Our take: Meaningful economic data has been scant over the last few weeks but will start to pick up again shortly. Q4 rearview data remained relatively healthy, as rate cuts and anticipated cuts in August and September boosted sentiment and loosened financial conditions, giving businesses and consumers the green light to spend in Q4. The more recent significant rise in 10s and 30s will undoubtedly have a cooling effect on rate-sensitive sectors of the economy in the months ahead. Waning fiscal stimulus will no longer be as much of a tailwind either. The significant downward revision to the Atlanta Fed GDPNow forecast for Q4 might be a sneak preview for slowing momentum late in Q4 and into Q1. The impact of actions taken (or not taken) by the incoming administration should tip the scales one way or the other. As we wrote last week, prevailing sentiment is for still-higher rates and a further steepening of the yield curve. While this may prove-out, we see reasons to consider the contrarian side of the trade and will be adjusting positioning and hedges accordingly.
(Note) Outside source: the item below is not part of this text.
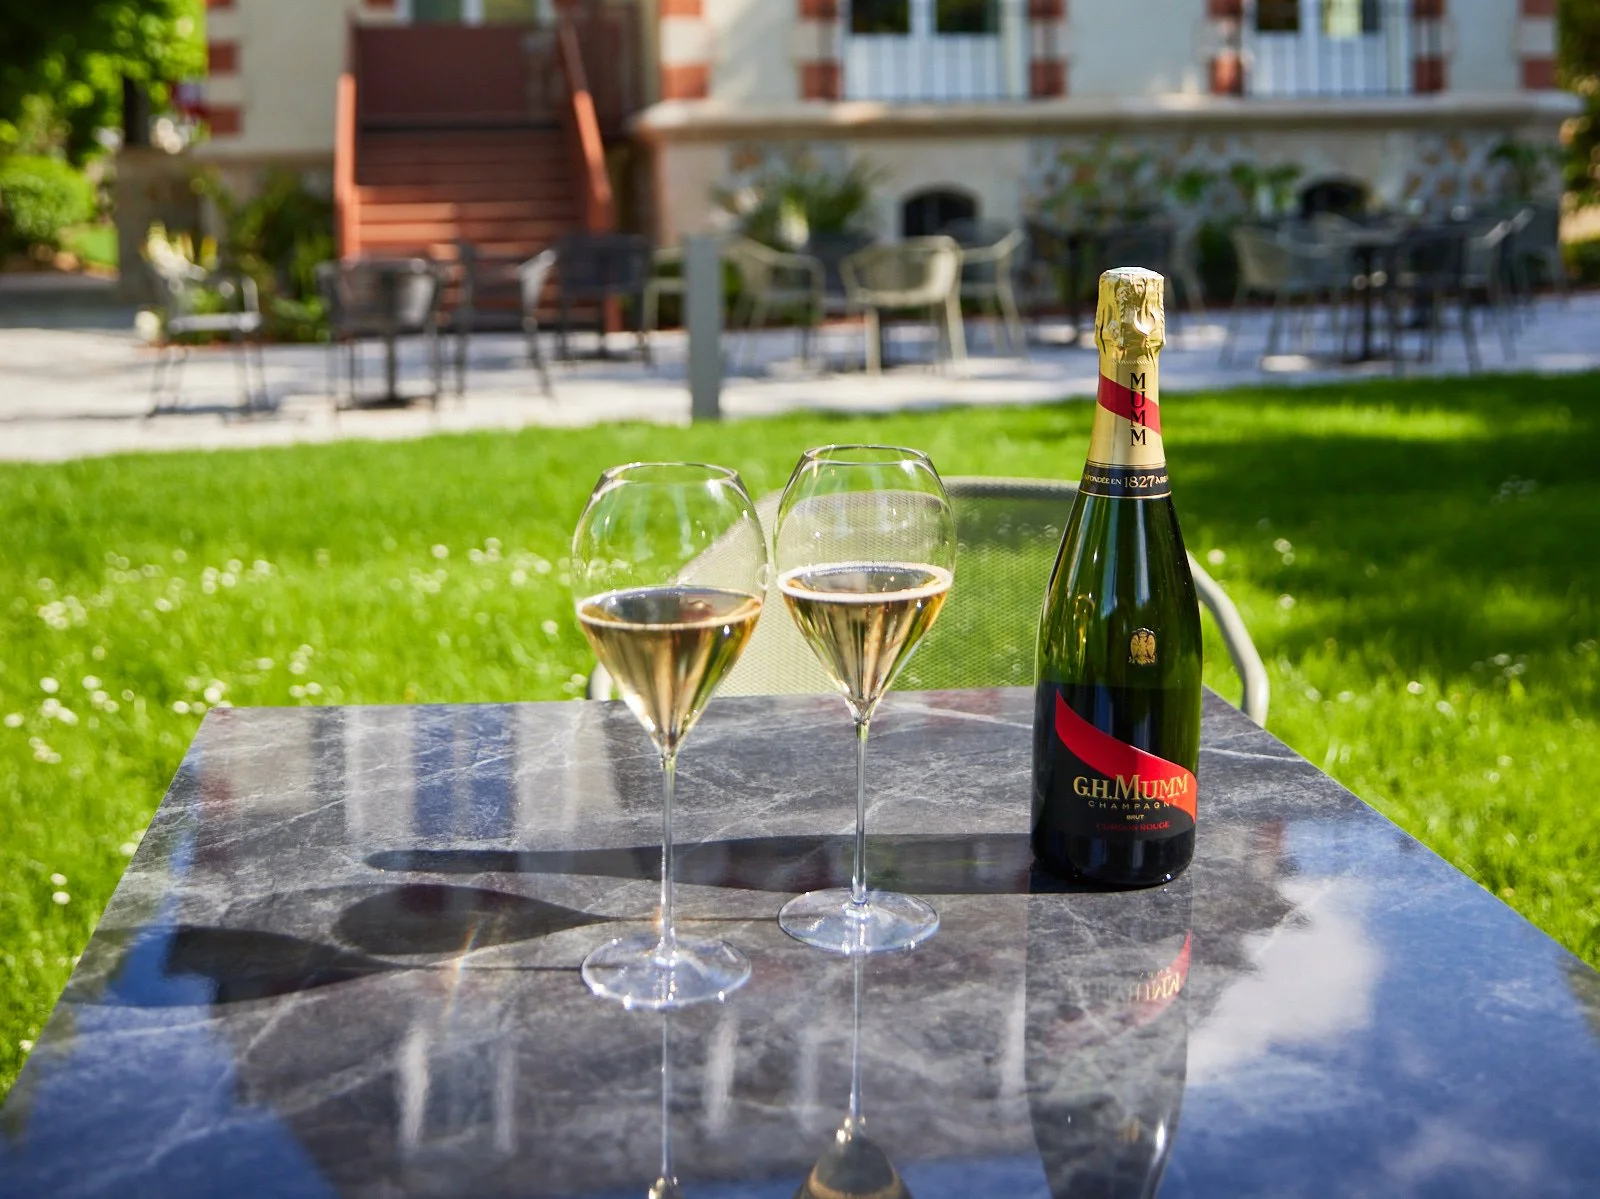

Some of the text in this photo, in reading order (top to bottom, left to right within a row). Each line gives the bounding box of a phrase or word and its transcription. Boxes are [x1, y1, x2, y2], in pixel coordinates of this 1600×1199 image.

[1130, 372, 1147, 446] MUMM
[1124, 475, 1155, 488] 1827
[1140, 821, 1170, 831] ROUGE
Corporate Bond Market Commentary

  • IG spreads were 1bp tighter to +81bps.
  • Total returns were -0.28%, bringing YTD returns down to 2.54%.
  • Fund flows were -$780 million.
  • There were no new issues last week, but several right out of the chute today and $15 billion expected over the two days of January 2-3.
  • HY spreads were 2bp tighter to +284bps.
  • Total returns were +0.06% (BBs 0.0%, Bs +0.12%, CCCs +0.17%), bringing YTD returns to +8.14% (BBs 6.25%, Bs 7.59%, CCCs 18.16%).
  • Fund flows were -$2.22 billion.
  • There was no new issue supply last week.

Our take: HY bonds, and particularly the CCC-rated cohort, had another strong year in 2024. For investment grade credit, not so much. With strong economic performance and loose financial conditions, credit spread performance far outweighed duration. With the recent backup in yields, the starting point for BBs and Bs is more compelling. Within CCCs there has been significant dispersion, where performing credits performed very well, while adverse events created landmines for others. This is fertile ground for us – fundamental credit picking – and when the entire HY universe is attractive and potentially available to us, the hunting is even better.
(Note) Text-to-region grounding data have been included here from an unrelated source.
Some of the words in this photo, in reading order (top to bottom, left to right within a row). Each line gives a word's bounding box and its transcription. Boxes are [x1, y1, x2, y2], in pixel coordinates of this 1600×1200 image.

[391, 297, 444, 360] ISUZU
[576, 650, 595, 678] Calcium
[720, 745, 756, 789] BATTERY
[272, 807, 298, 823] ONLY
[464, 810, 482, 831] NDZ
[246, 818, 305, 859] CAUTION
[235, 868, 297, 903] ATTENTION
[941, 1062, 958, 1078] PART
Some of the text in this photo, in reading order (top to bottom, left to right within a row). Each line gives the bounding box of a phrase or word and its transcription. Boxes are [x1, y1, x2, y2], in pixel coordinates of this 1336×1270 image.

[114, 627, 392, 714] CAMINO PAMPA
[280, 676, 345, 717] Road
Municipal Bond Market Commentary

  • The week ending December 27 saw yields rise slightly in a holiday shortened week. AAA muni yields were up 2 bp at 2, 5, 10 and 30 years while US Treasury yields were down 1, and up 6, 8, and 8 bp at 2, 5, 10 and 30 years.
  • AAA Muni/Treasury ratios were up 1% at 2 years, unchanged at 5 years and down 1% at 10 and 30 years to end the week at 66%, 66%, 68% and 81%. AA Muni/AA Corporate ratios were down 2% at 2 years, unchanged at 5 and 10 years, and down 1% at 30 years to end the week at 66%, 65%, 65% and 77% at 2, 5, 10 and 30 years.
  • Municipal bond funds had an outflow of $879 million, which is now three consecutive weeks of redemptions, albeit somewhat modest in size.
  • Muni issuance is expected to be less than $1 billion in this holiday shortened week.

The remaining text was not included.